Article III. Administration of the Plan

          3.01           Administrator. The Plan shall be administered by the
Board of Directors of Central Hudson (or its designee), which shall have the
authority to interpret the Plan and issue such proceedings as it deems
appropriate. The Administrator shall have the duty and responsibility of
maintaining records, making the requisite calculations and disbursing the
payments hereunder. The Administrator’s interpretations, determinations,
regulations and calculations shall be final and binding on all persons and
parties concerned.

          3.02           Amendment and Termination. The Administrator may amend
or terminate the Plan at any time, provided, however, that no such amendment or
termination shall deprive any Participant or beneficiary of the benefits to
which such Participant is entitled, under Section 2.01 hereof, as of the date of
such amendment or termination unless the Participant or beneficiary becomes
entitled to an amount equal to such benefit under another plan or practice
adopted by Central Hudson. Notwithstanding the foregoing, for three years
following a “Change in Control” (as defined in the SERP), (i) the Plan may not
be amended in any manner adverse to any individual who is a Participant in the
Plan immediately before the Change-of-Control (a “Protected Participant”), or a
beneficiary of a Protected Participant and (ii) the Plan may not be terminated
with respect to Protected Participants and their beneficiaries.

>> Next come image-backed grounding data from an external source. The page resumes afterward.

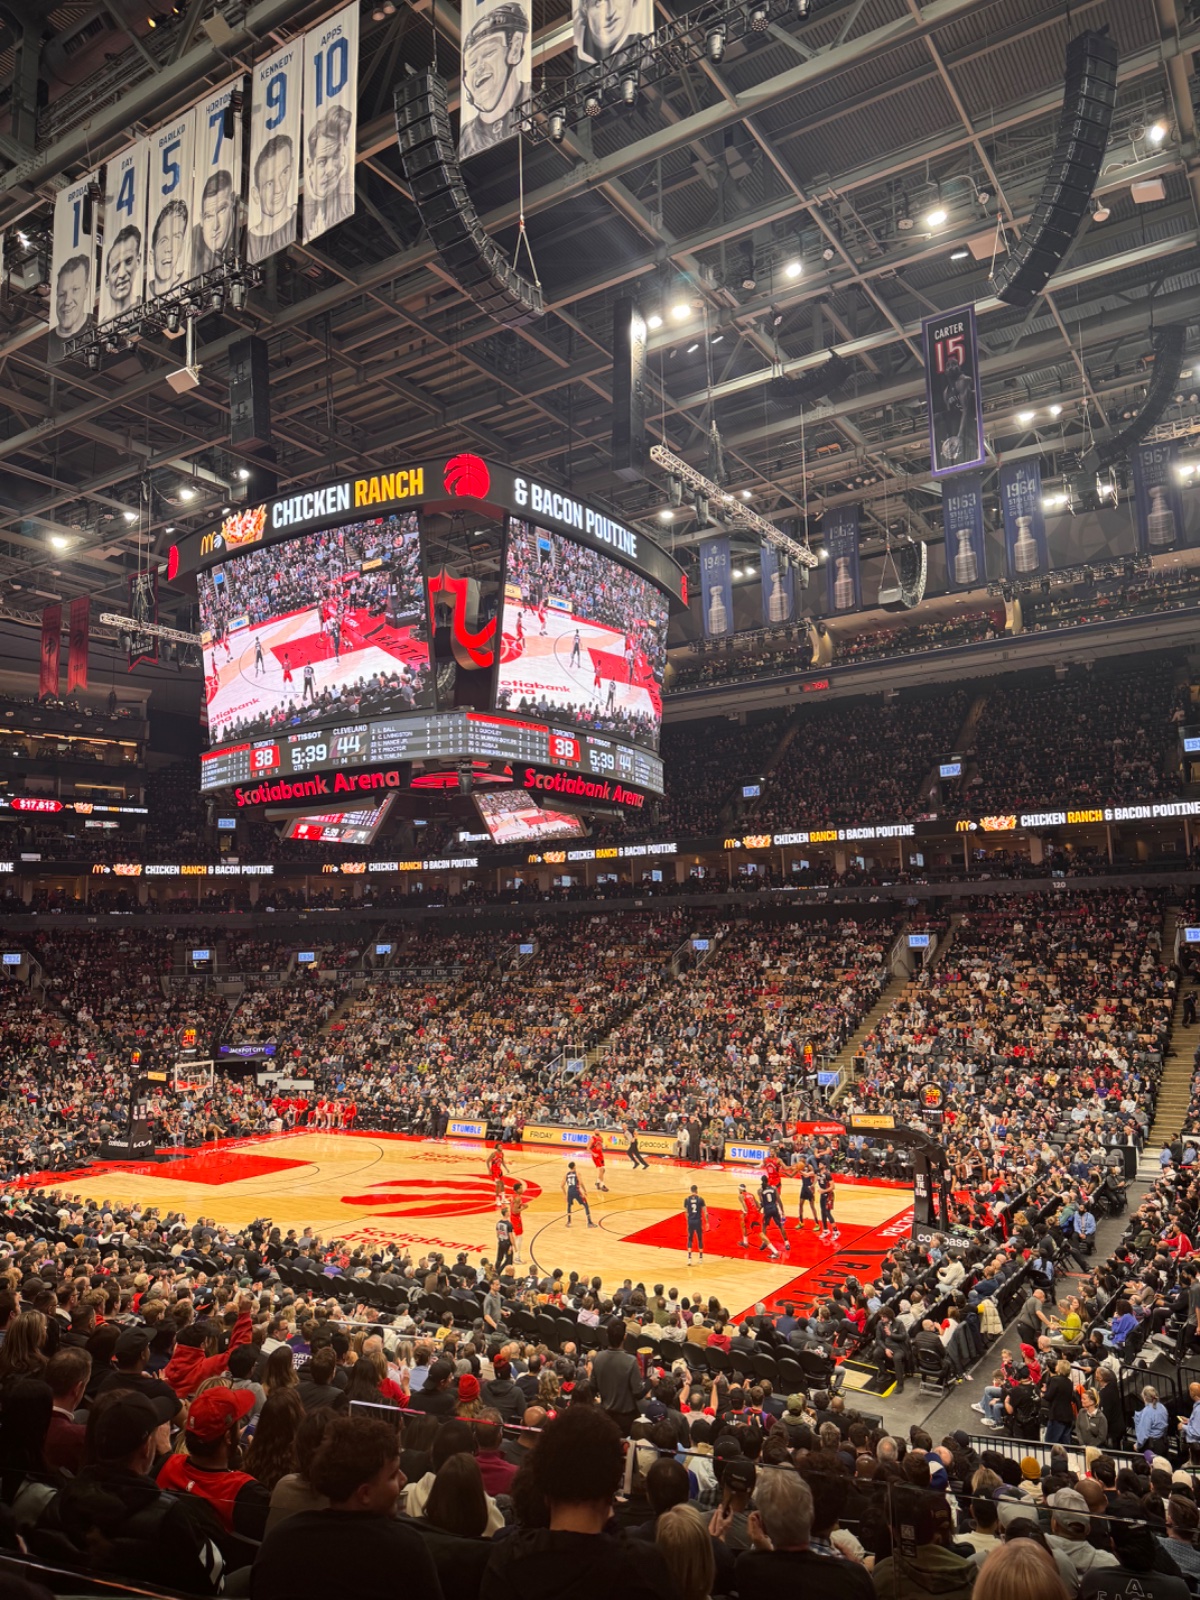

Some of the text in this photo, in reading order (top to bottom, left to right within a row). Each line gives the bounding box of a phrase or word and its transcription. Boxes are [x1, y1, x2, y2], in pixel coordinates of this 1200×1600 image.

[320, 25, 343, 47] APPS
[260, 51, 294, 81] KENNEDY
[313, 36, 349, 107] 10
[265, 72, 288, 131] 9
[158, 124, 186, 148] BARILKO
[209, 109, 225, 166] 7
[121, 155, 133, 170] DAY
[162, 139, 181, 196] 5
[116, 166, 135, 216] 4
[72, 200, 81, 249] 1
[934, 322, 964, 341] CARTER
[933, 334, 966, 374] 15
[272, 467, 425, 528] CHICKEN RANCH
[1006, 478, 1036, 499] 1964
[947, 492, 977, 512] 1963
[514, 477, 638, 559] & BACON POUTINE
[297, 731, 322, 741] TISSOT
[333, 724, 368, 736] CLEVELAND
[291, 743, 327, 765] 5:39
[336, 735, 361, 754] 44
[555, 738, 574, 757] 38
[255, 748, 273, 768] 38
[589, 749, 615, 769] 5:39
[620, 753, 631, 771] 44
[941, 764, 961, 776] IBM
[234, 771, 400, 807] Scotiabank Arena
[524, 768, 611, 800] Scotiabank
[612, 784, 645, 808] Arena
[19, 799, 55, 811] $17,612
[1020, 801, 1200, 827] CHICKEN RANCH & BACON POUTINE
[773, 824, 915, 845] CHICKEN RANCH & BACON POUTINE
[567, 850, 595, 861] CHICKEN
[595, 848, 618, 859] RANCH
[624, 845, 647, 857] BACON
[647, 843, 678, 855] POUTINE
[145, 864, 274, 875] CHICKEN RANCH & BACON POUTINE
[368, 861, 399, 872] CHICKEN
[399, 861, 422, 871] RANCH
[429, 859, 450, 870] BACON
[450, 858, 479, 869] POUTINE
[910, 935, 929, 946] IBM
[182, 1034, 195, 1047] 24
[451, 1123, 482, 1134] STUMBLE
[529, 1130, 554, 1139] FRIDAY
[562, 1132, 590, 1144] STUMB
[639, 1140, 670, 1149] peacock
[731, 1147, 769, 1159] STUMBL
[691, 1203, 698, 1213] 2
[358, 1227, 493, 1253] Scotiabank

          3.03           Payments. Central Hudson will pay all benefits arising
under this Plan and all costs, charges and expenses relating thereto.

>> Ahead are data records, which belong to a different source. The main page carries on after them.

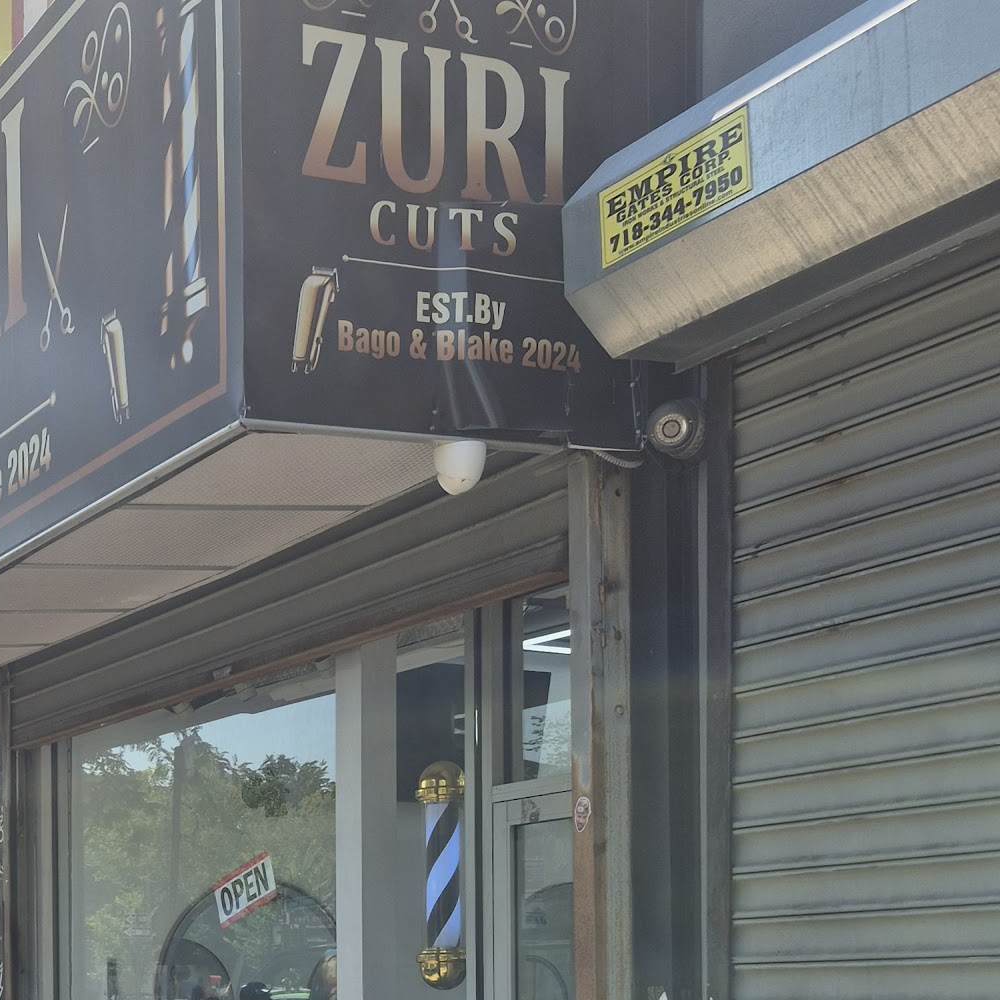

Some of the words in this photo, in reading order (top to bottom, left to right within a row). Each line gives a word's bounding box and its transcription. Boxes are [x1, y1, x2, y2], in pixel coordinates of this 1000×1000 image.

[301, 23, 570, 206] ZURI
[606, 122, 743, 219] EMPIRE
[616, 183, 673, 223] GATES
[679, 150, 731, 187] CORP.
[622, 216, 637, 228] IRON
[637, 203, 659, 218] WORKS
[665, 177, 705, 203] STRUCTURAL
[706, 166, 725, 180] STEEL
[369, 199, 519, 257] CUTS
[609, 165, 743, 253] 718-344-7950
[416, 291, 507, 331] EST.By
[337, 319, 400, 360] Bago
[409, 327, 427, 361] &
[436, 329, 514, 365] Blake
[522, 336, 582, 374] 2024
[7, 427, 52, 496] 2024
[220, 862, 270, 917] OPEN

          3.04           Non-Assignability of Benefits. Except as otherwise
permitted or required by law, the benefits payable hereunder or the right to
receive future benefits under the Plan may not be anticipated, alienated,
pledged, encumbered, or subjected to any charge or legal process, and if any
attempt is made to do so, or a person eligible for any benefits becomes
bankrupt, the interest under the Plan of the person

3

--------------------------------------------------------------------------------

affected may be terminated by the Administrator which, in its sole discretion,
may cause the same to be held or applied for the benefit of one or more of the
dependents of such person or make any other disposition of such benefits that it
deems appropriate.

          3.05           Status of Plan. The benefits under this Plan shall not
be funded, but shall constitute liabilities of Central Hudson payable when due.

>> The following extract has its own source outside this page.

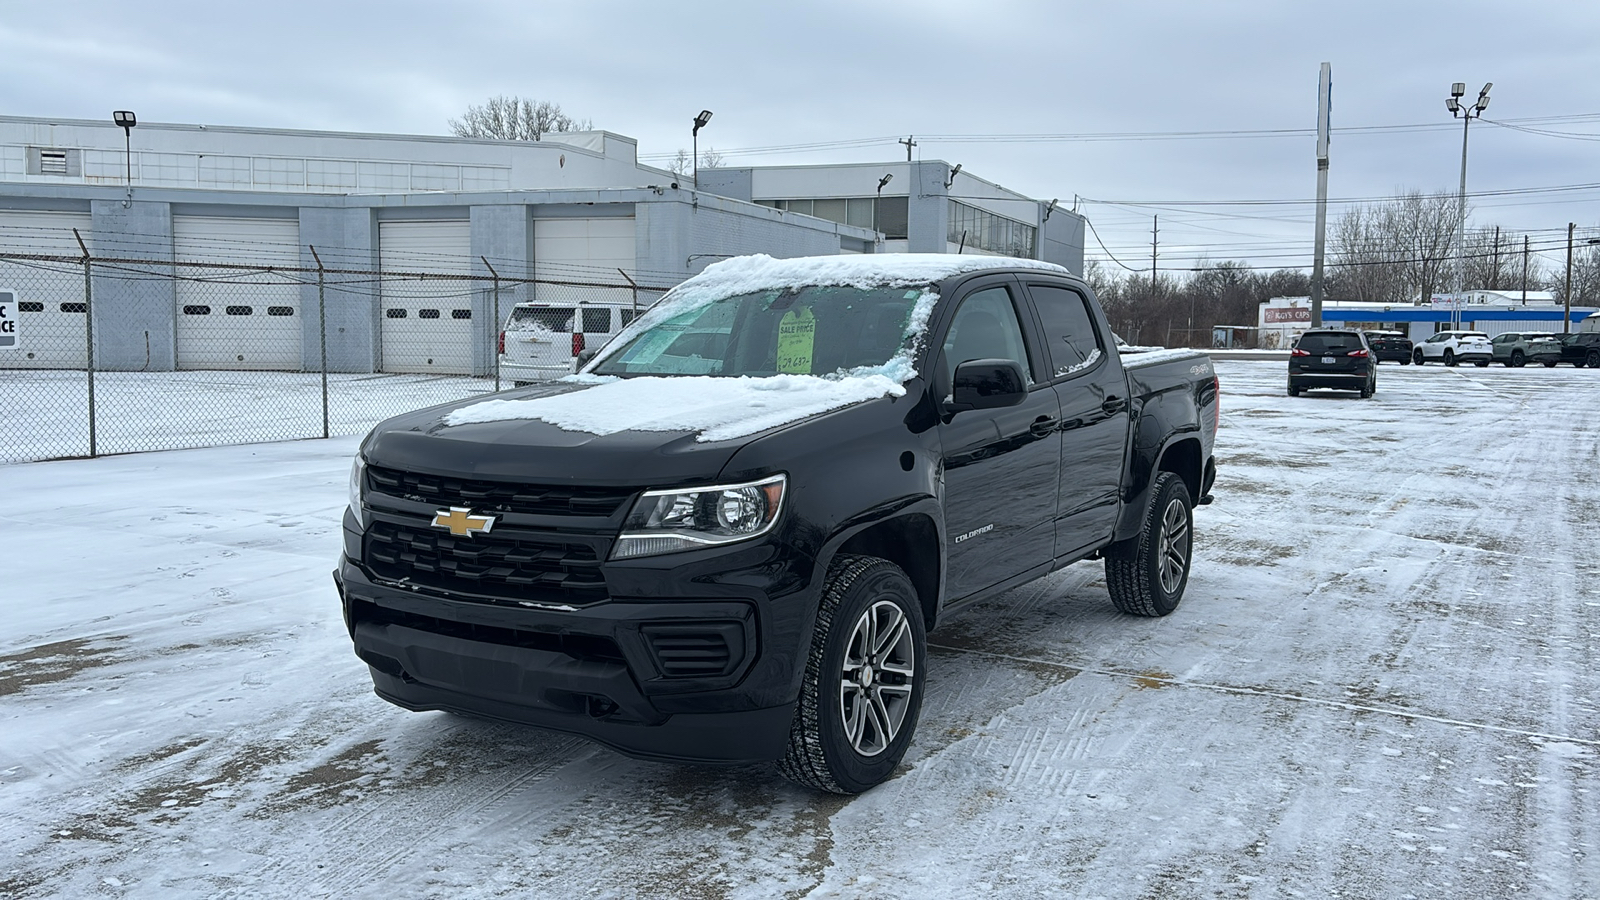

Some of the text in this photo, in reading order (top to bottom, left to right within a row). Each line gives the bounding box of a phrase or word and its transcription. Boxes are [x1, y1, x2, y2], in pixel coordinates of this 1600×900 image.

[1294, 311, 1310, 319] CAPS
[0, 320, 15, 333] CE
[780, 324, 814, 334] SALE PRICE
[955, 523, 994, 543] COLORADO

          3.06           Nonguarantee of Employment. Nothing contained in this
Plan shall be construed as a contract of employment between Central Hudson and
any Participant, or as a right of any Participant to be continued in employment
of Central Hudson, or as a limitation on the right of Central Hudson to
discharge any of its employees, with or without cause.

          3.07           Applicable Law. All questions pertaining to the
construction, validity and effect of the Plan shall be determined in accordance
with the laws of the United States and to the extent not pre-empted by such
laws, by the laws of the State of New York.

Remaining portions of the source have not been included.